The maestro is a 6 a.m. riser and walker, doing a three-mile lap that includes a stop at the Eastman House on his route, no matter the weather.
“Then I have practice for two hours and do technique,” he explained. “I warm my fingers up for the day. Musicians are athletes of the small muscles.
“I know that when I start teaching each day, I want to be able to give everything I can to my students. I need to feel settled musically and prepared when I see them. These are really good students, some of the world’s best young virtuosi. I like being the old dog, but they’re a handful. Staying a step ahead of them takes a little preparation. I love that. Keeps me young.”
At the end of his teaching day, Goluses walks home for dinner, then comes back to attend recitals and concerts, supporting the students he sees in class. He has a full life.
“I’d be happy to get another 10 years,” he said. “I will never stop, as long as I’m physically able. At age 96, Casals was asked, ‘Maestro, you’re still practicing every day. Why?’ ‘I keep making progress,’ Casals replied. Andres Segovia, the Spanish cellist, said at his last concert, ‘I’ll have eternity to rest.’”
“I will never stop,” Goluses added. “I’m physically addicted to this. It gives me more joy than anything. I hope to live for a long time and my new hips are helping me. There are two things we do well in Rochester — medicine and music.”
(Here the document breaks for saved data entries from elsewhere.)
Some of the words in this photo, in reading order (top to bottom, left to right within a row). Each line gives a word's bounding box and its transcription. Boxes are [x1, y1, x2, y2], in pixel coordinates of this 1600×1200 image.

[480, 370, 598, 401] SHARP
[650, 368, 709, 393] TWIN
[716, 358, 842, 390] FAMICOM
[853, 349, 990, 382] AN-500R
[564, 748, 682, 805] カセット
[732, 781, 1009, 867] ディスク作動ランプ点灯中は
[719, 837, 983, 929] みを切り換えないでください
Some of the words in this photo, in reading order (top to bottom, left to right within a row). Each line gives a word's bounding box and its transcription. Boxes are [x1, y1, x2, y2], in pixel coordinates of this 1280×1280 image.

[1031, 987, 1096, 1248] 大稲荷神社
First Solo Album Released in 1995
“Memento Bittersweet” was the first album he made.
“It was a recording by a number of artists and composers — and all the composers had died of AIDS. I did a piece for organ and guitar called ‘God is our Righteousness.’ It’s a gorgeous piece. Christopher DiBlasio had written it right after he was diagnosed HIV positive, which in 1991 was a death sentence. I’m proud of that record. I’m proud of what it stands for. I remember Chris very well: he was a special guy. He showed how you can write something extremely positive in the face of physical discomfort,” he said. “It’s the will to do the work to make it beautiful in the face of adversity.”
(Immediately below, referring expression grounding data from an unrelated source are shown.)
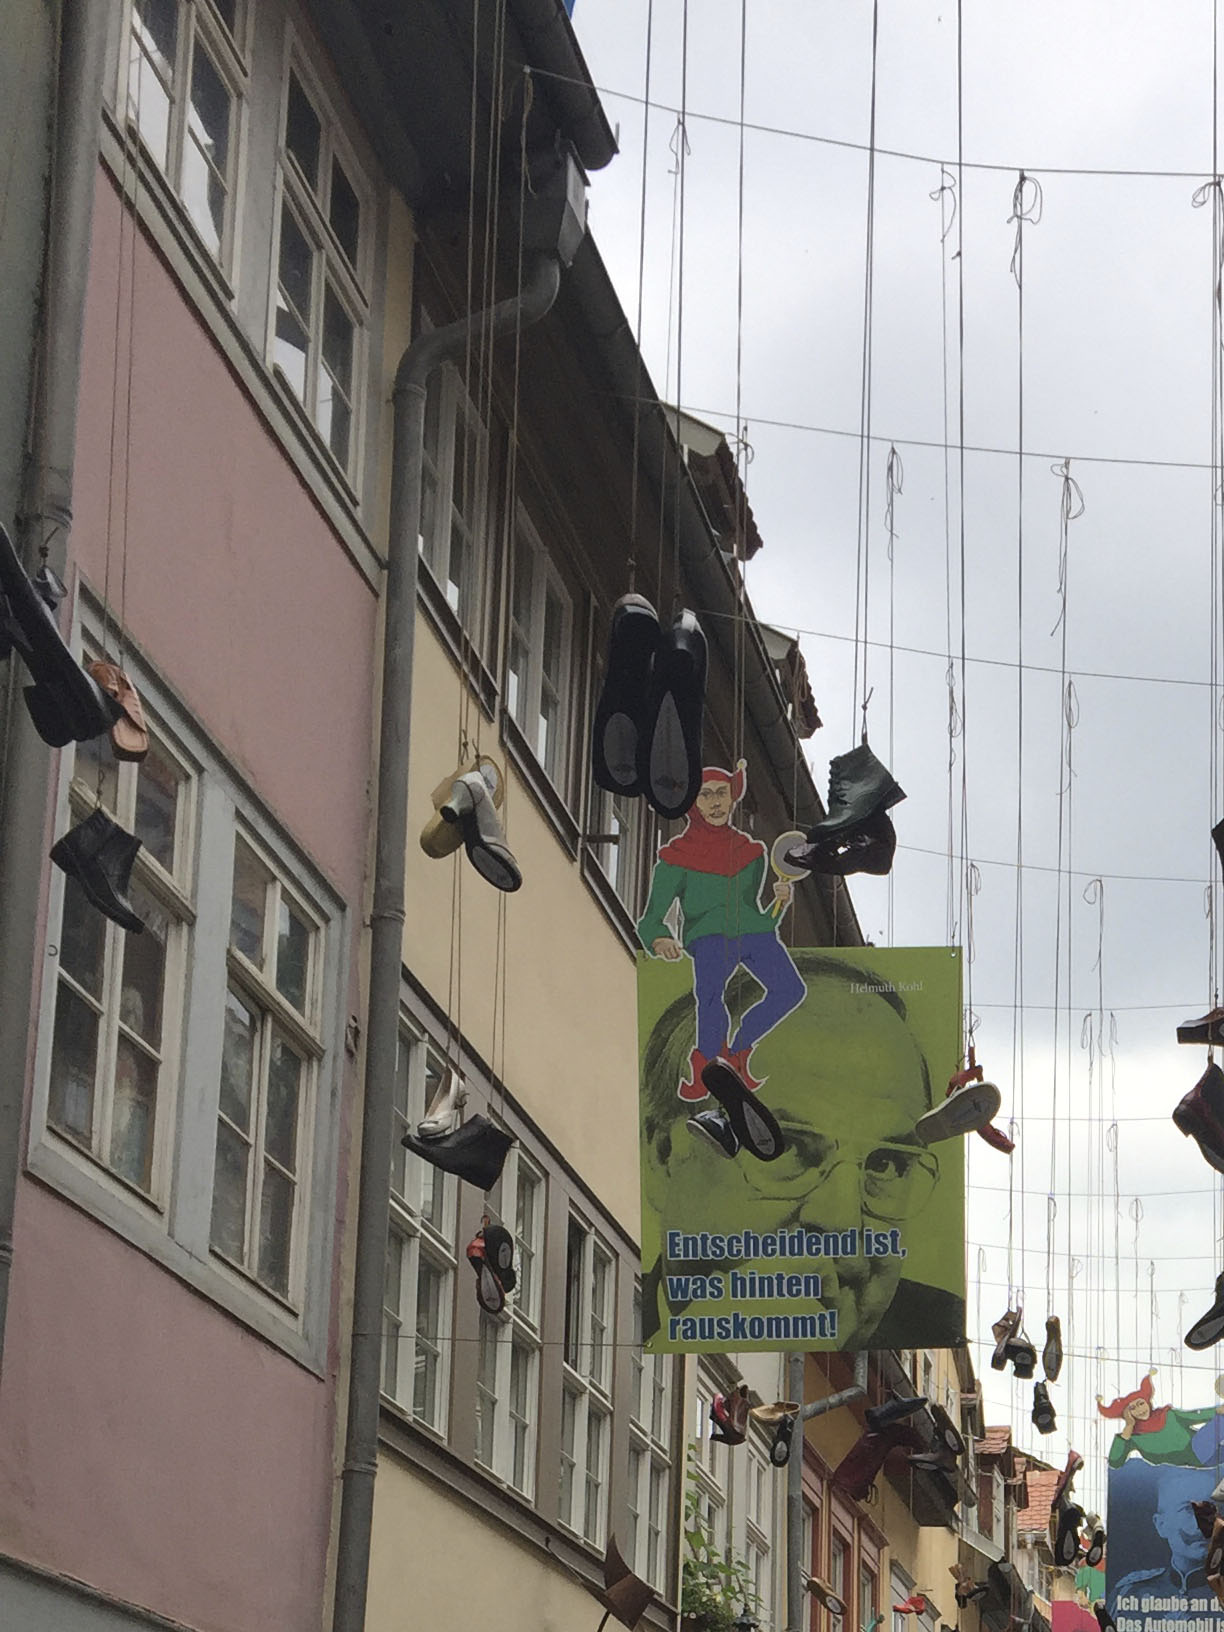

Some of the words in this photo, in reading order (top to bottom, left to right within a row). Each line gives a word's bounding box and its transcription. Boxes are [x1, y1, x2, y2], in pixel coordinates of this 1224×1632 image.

[850, 982, 896, 993] Helmuth
[898, 981, 924, 992] Kohl
[667, 1228, 858, 1260] Entscheidend
[863, 1228, 908, 1258] ist,
[667, 1274, 725, 1301] was
[730, 1270, 822, 1300] hinten
[667, 1309, 839, 1342] rauskommt!
[1117, 1595, 1138, 1611] Ich
[1141, 1595, 1188, 1613] glaube
[1190, 1599, 1208, 1612] an
[1117, 1617, 1142, 1632] Das
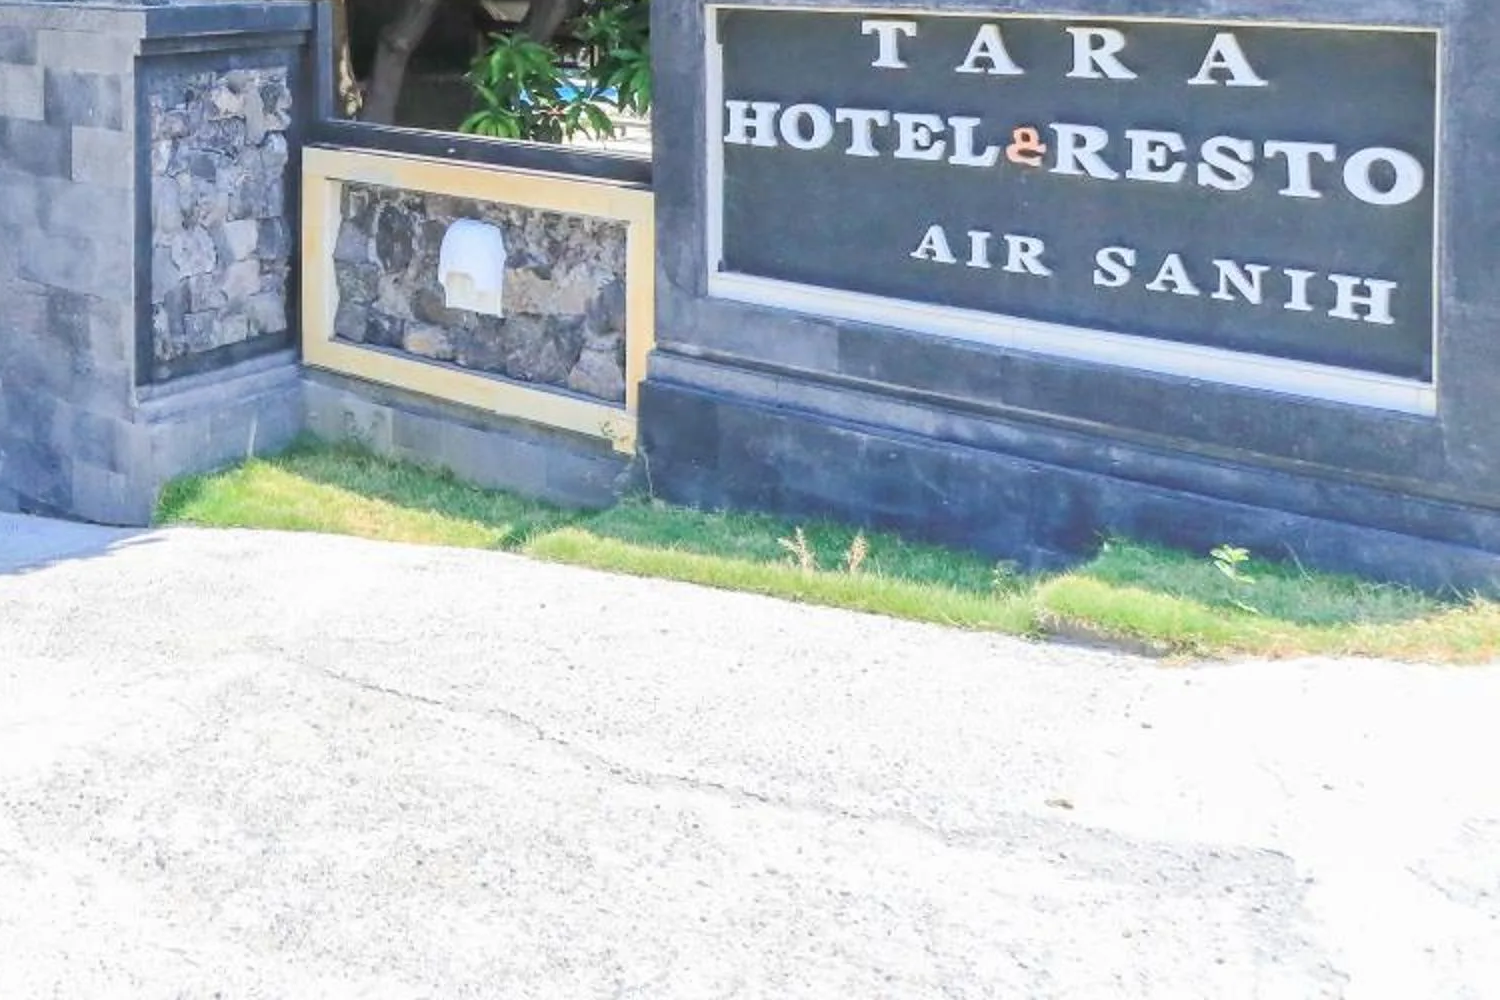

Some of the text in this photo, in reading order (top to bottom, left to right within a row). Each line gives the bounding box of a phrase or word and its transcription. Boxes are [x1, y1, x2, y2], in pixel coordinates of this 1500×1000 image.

[861, 19, 1269, 88] TARA
[910, 224, 1399, 326] AIR SANIH
Goluses first solo album was released in 1995, “Bach Sonatas” on the Naxos label. He’s recorded on the Linn, BMG and Nueva Venecia records and “Across the Horizon” is on the Albany label. On stage, he’s played concerto performances with many of the world’s great orchestras. He’s received special awards, accolades and recognitions at Manhattan and Eastman. And to his utter delight, many of his students have won major awards all over the world.